Tudo indica que Engels, que modestamente se reivindica o segundo violino junto ao esforço teórico de Marx, destoou, em suas considerações posteriores sobre a obra, da orientação metodológica do próprio Marx em O capital, quando se viu instado a responder as críticas dirigidas aos livros II e III. Sua réplica aos críticos de Marx está longe de obedecer aos diversos níveis de abstração em que as categorias são expostas na obra. Como se mostrou antes, as categorias são partes de um todo, e por isso só podem ser devidamente compreendidas, quando se tem em conta o lugar que cada uma delas ocupa na ordem da apresentação dialética (ascendente-descendente) de um discurso dialético, como o é o de O Capital.

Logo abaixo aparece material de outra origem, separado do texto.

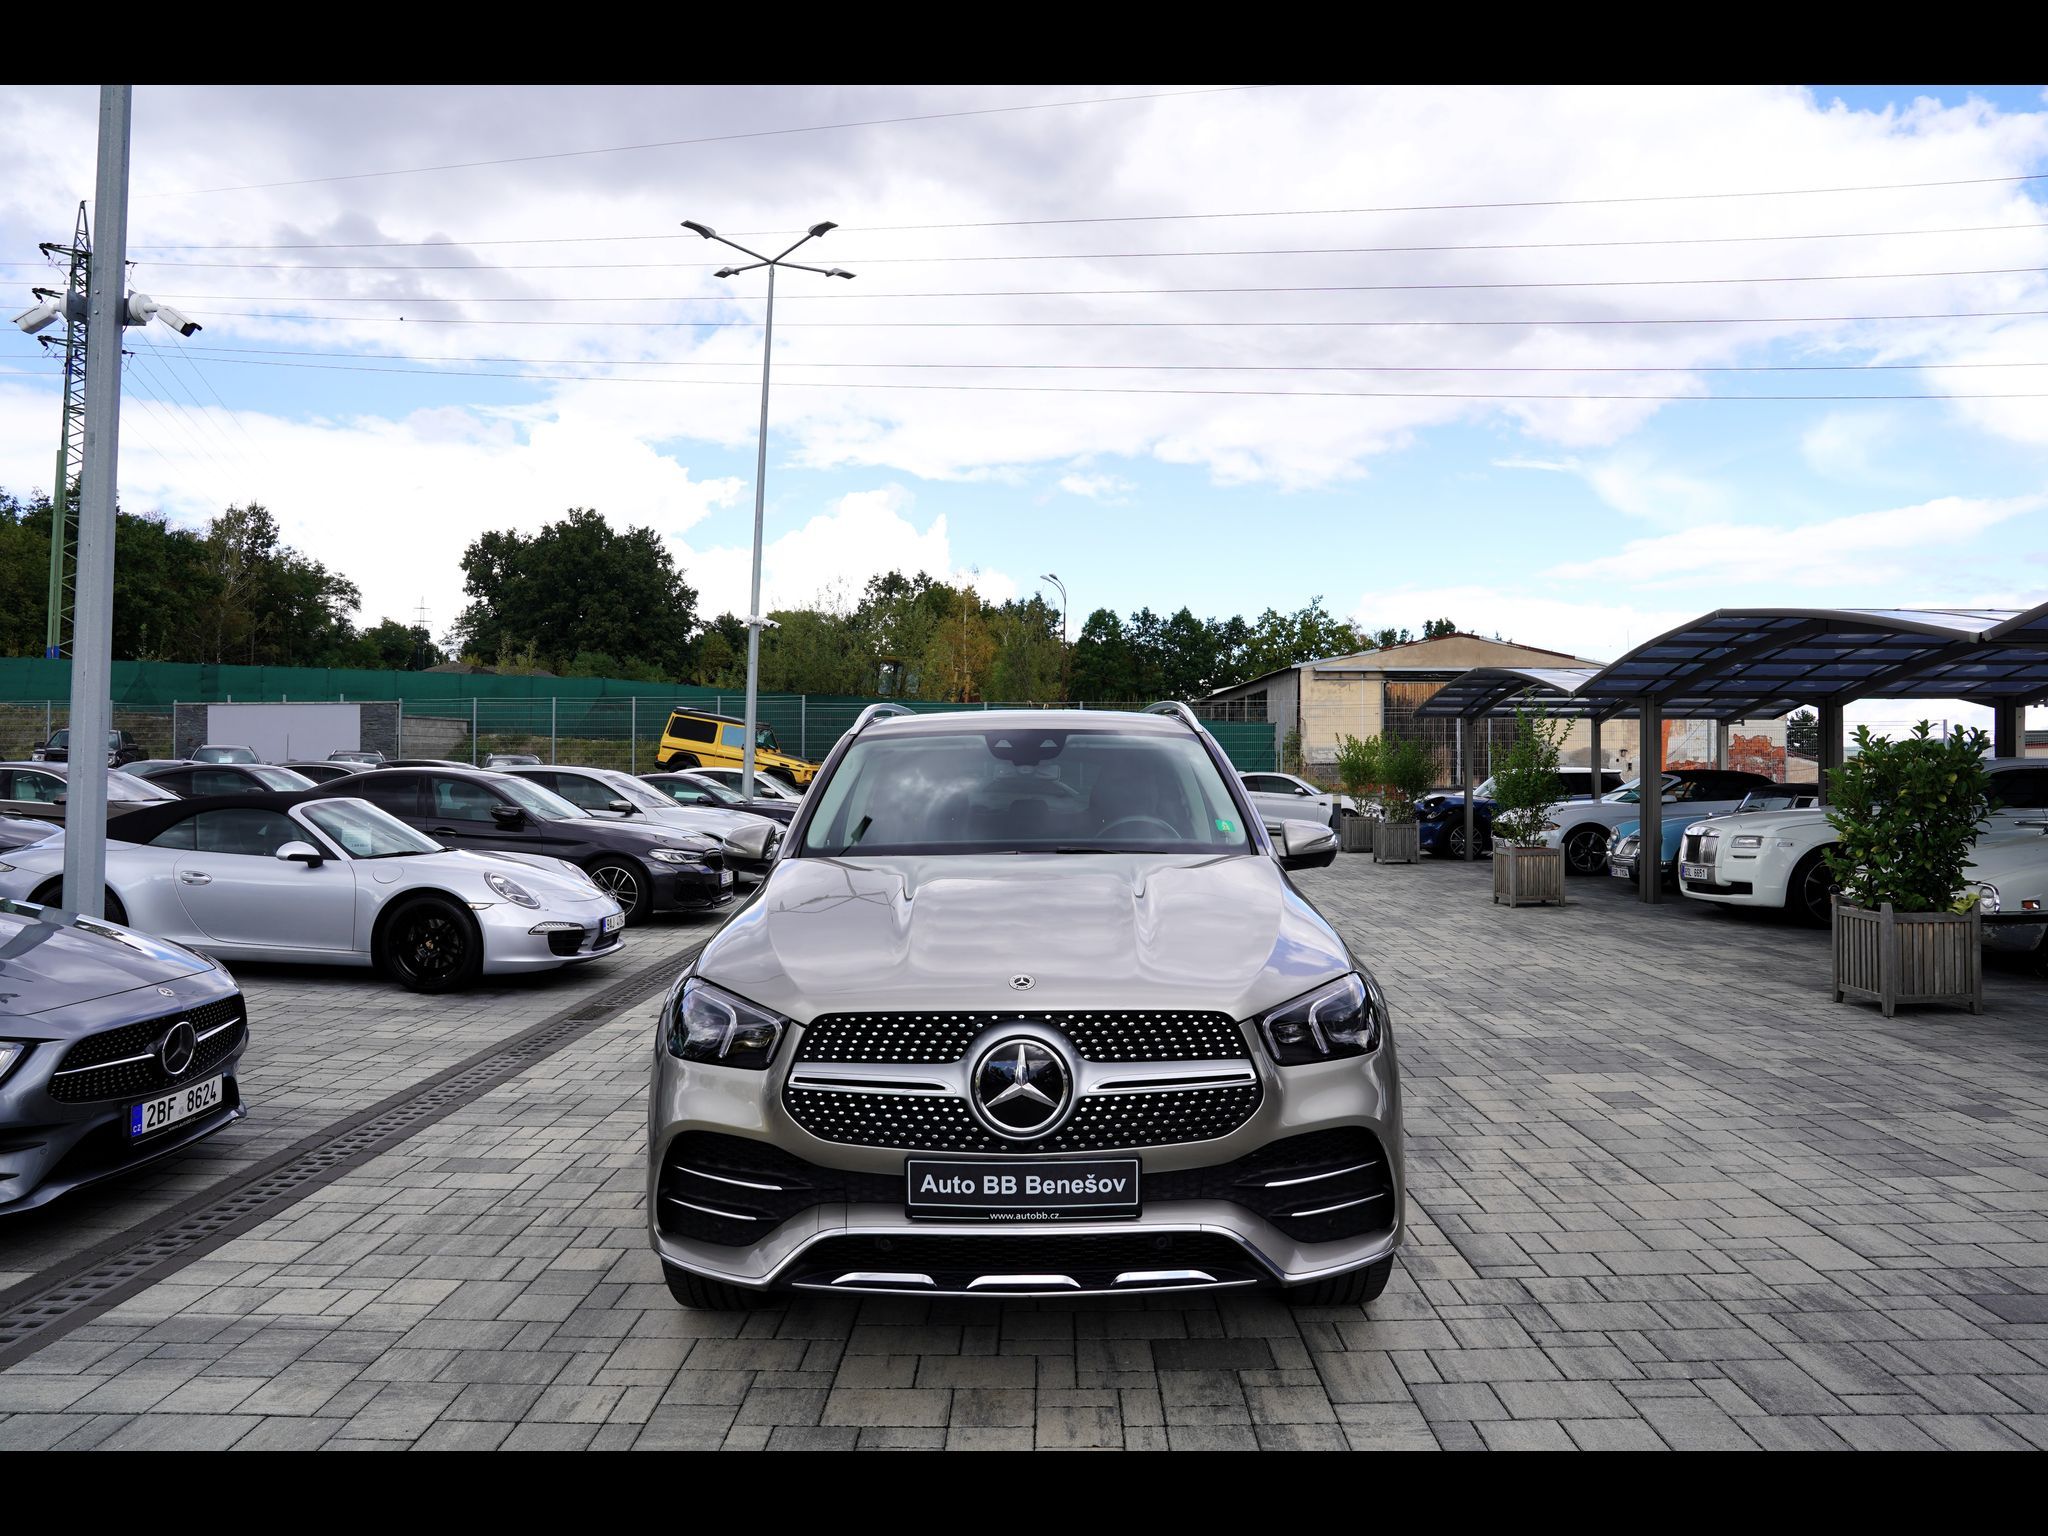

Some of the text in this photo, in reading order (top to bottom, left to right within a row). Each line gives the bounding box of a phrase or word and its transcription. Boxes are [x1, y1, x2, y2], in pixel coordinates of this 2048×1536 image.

Indício dessa dissonância, oferece Engels, em seu suplemento ao livro III de O Capital, publicado postumamente (1895-96), quando rebate as críticas dirigidas a Marx, crítica que apontam para uma suposta contradição entre os livros I e III. O núcleo duro dessas críticas gira em torno da discrepância entre o valor e os preços pelos quais as mercadorias são realmente vendidas. Noutras palavras, o que aí está em jogo é o fato de que, no livro I, vige a lei do valor, que manda que as mercadorias devem ser trocadas segundo seus valores, isto é, proporcionalmente ao tempo de trabalho socialmente necessário para produzi-las. Ao contrário do livro I, no livro III, Marx passaria, segundo seus críticos, a defender uma nova teoria, na qual as mercadorias são vendidas por seus preços de produção, que não mais coincidem com seus valores.

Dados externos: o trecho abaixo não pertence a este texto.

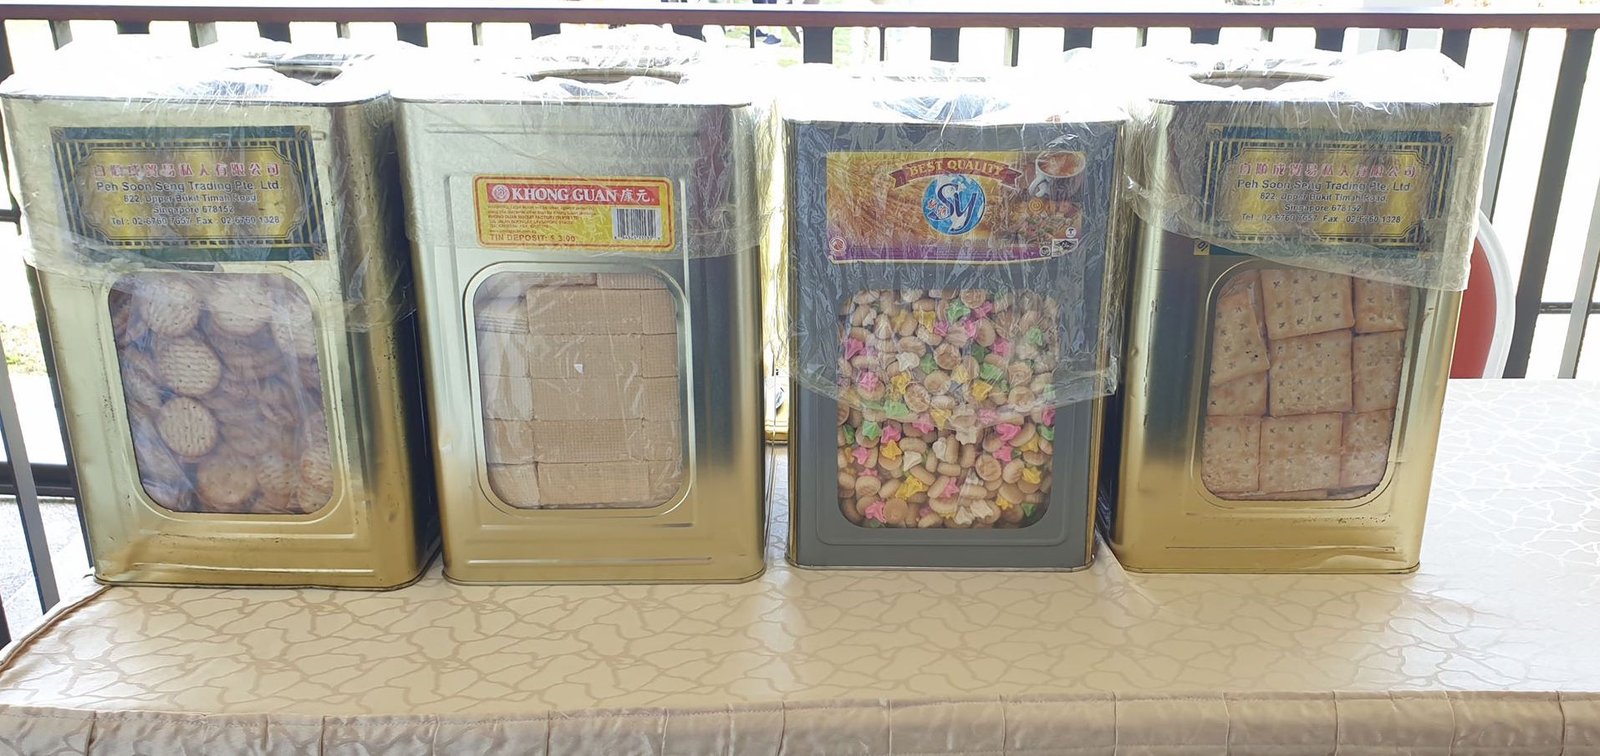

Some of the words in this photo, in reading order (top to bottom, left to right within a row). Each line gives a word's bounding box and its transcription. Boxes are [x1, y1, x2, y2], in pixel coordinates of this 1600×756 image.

[909, 161, 944, 176] BEST
[947, 160, 1004, 175] QUALITY
[96, 181, 118, 191] Peh
[122, 181, 152, 191] Soon
[155, 181, 185, 192] Seng
[187, 180, 232, 192] Trading
[1237, 180, 1258, 189] Peh
[1262, 180, 1290, 189] Soon
[1294, 180, 1321, 191] Seng
[1326, 181, 1366, 191] Trading
[145, 194, 173, 204] Upper
[202, 194, 230, 202] Timah
[512, 187, 569, 201] KHONG
[572, 188, 617, 202] GUAN
[620, 188, 650, 202] 康元
[1309, 193, 1332, 201] Bukit
[153, 207, 199, 215] Singapore
[1285, 203, 1328, 212] Singapore
[197, 216, 213, 224] Fax
[1382, 215, 1401, 223] 1328
[506, 234, 548, 242] DEPOSIT:

É em torno dessa incongruência entre valores e preços que giram as críticas discutidas e apontadas por Engels em seu Suplemento. Dentre elas a que mais lhe chamou a atenção foi a do sr. Loria. Referindo-se à problemática da transformação dos valores em preços de produção, esse autor assevera que de nada adianta Marx afirmar que, “apesar da divergência dos preços individuais em relação aos valores individuais, o preço total do conjunto das mercadorias coincide sempre com o valor total delas, quer dizer, com a quantidade de trabalho contida na totalidade das mercadorias. Pois, considerando-se queo valor nada mais é que a proporção em que uma mercadoria é trocada por outra, a mera ideia de um valor total é, por si só, um absurdo, um disparate, […] uma contradictio in adjecto” (ENGELS, 2017, p.952).

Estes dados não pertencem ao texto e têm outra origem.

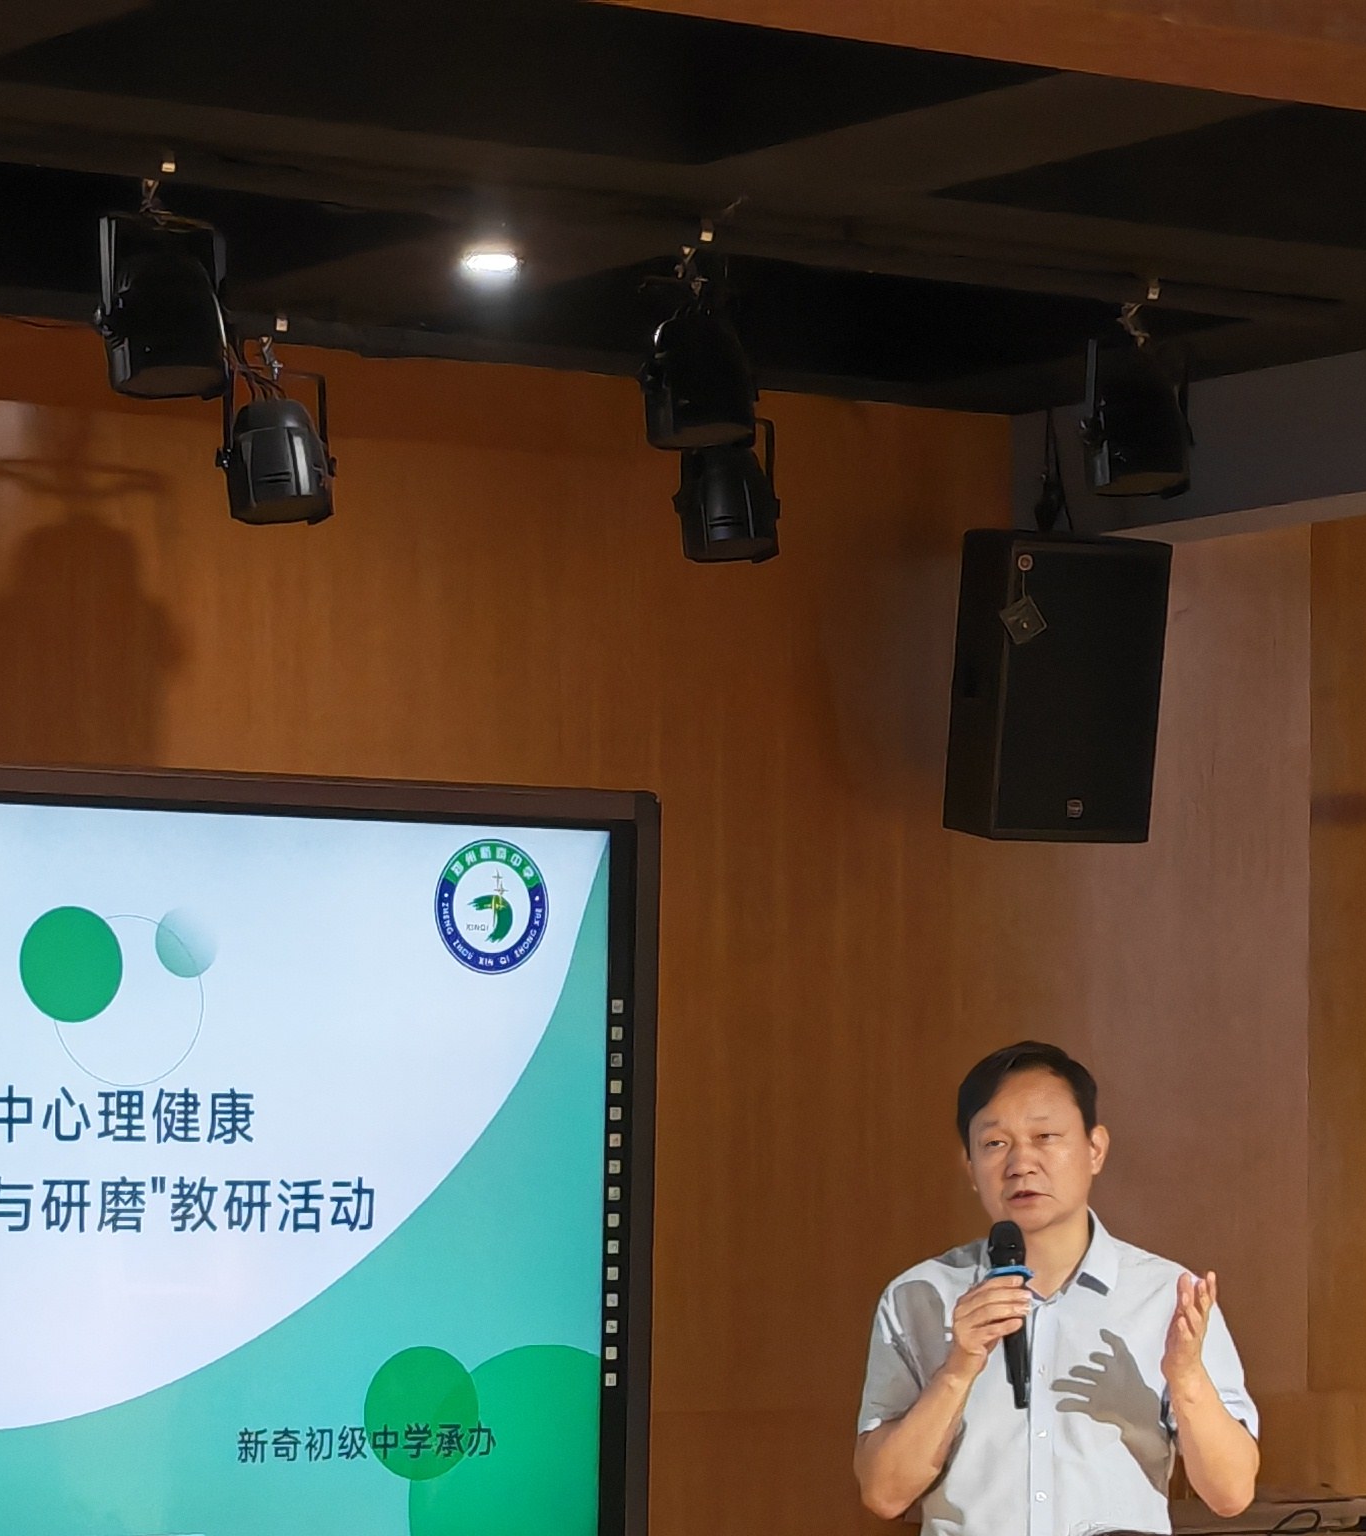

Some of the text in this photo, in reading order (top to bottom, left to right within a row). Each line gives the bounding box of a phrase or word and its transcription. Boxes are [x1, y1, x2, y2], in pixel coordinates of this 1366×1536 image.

Apesar do sr. Loria ver aí o que acredita ser uma contradição entre valor e preço de produção, o faz a partir da confusão que ele estabelece entre valor e valor de troca. Com efeito, chama de valor a “proporção em que uma mercadoria é trocada por outra”, quando, na verdade, tal proporção é, para Marx, valor de troca; forma de manifestação do valor. A incompreensão dessa mediação, dentre outras coisas, impediu o sr. Loria de compreender como Marx consegue articular valor, como fundamento, e o preço de produção, como expressão desse fundamento. O que aí está em jogo, portanto, não é, como acredita o sr. Loria, uma contradição em termos; mas, sim, uma contradição dialética que envolve níveis diferentes de abstração.

Apesar da confusão que o sr. Loria introduz entre valor e valor de troca, ele foi capaz de apontar o centro em torno do qual gira a problemática da transformação dos valores em preços de produção. Não entendeu, porém, que estes, os preços de produção, são a forma dentro da qual se desenvolve a contradição entre valor e preço; ou, se se preferir, a forma fenomênica por meio da qual se manifesta sua essência, os valores.

Em seu adendo ao livro III, Engels não parte da teoria de que o processo da transformação dos valores em preços de produção se resolve no desenvolvimento da dialética entre conteúdo e forma; isto é, entre valores e preços. Por isso, foi incapaz de responder apropriadamente as críticas dirigidas ao livro III, notadamente a do sr. Loria. Que fez Engels então? Seguiu a via argumentativa da reconstrução da teoria do valor, para demonstrar que essa teoria é um fato que pode ser confirmado historicamente e, assim, provar que as mercadorias se vendem por seus valores. Para tanto, viu-se obrigado a assumir a ideia de uma historicização anacrônica dessa teoria, que teria nascido há 6.000 a. C e vigorado até século XV. Nem de longe, Engels se dá conta de quanto sua leitura da teoria do valor destoa da de Marx. Basta seguir este autor para se dar conta de que ele situa a gênese do capitalismo nas cidades do mediterrâneas do século XVI: “embora os primórdios da produção capitalista já se nos apresentem esporadicamente, nos séculos XIV e XV, em algumas cidades do Mediterrâneo, a era capitalista só tem início no século XVI”. (MARX, 2017a, p.787). E completa: “nos lugares em que ela surge, a supressão da servidão já está há muito consumada, e o aspecto mais brilhante da Idade Média, a existência de cidades soberanas, há muito já empalideceu”. (MARX. 2017a, p.787).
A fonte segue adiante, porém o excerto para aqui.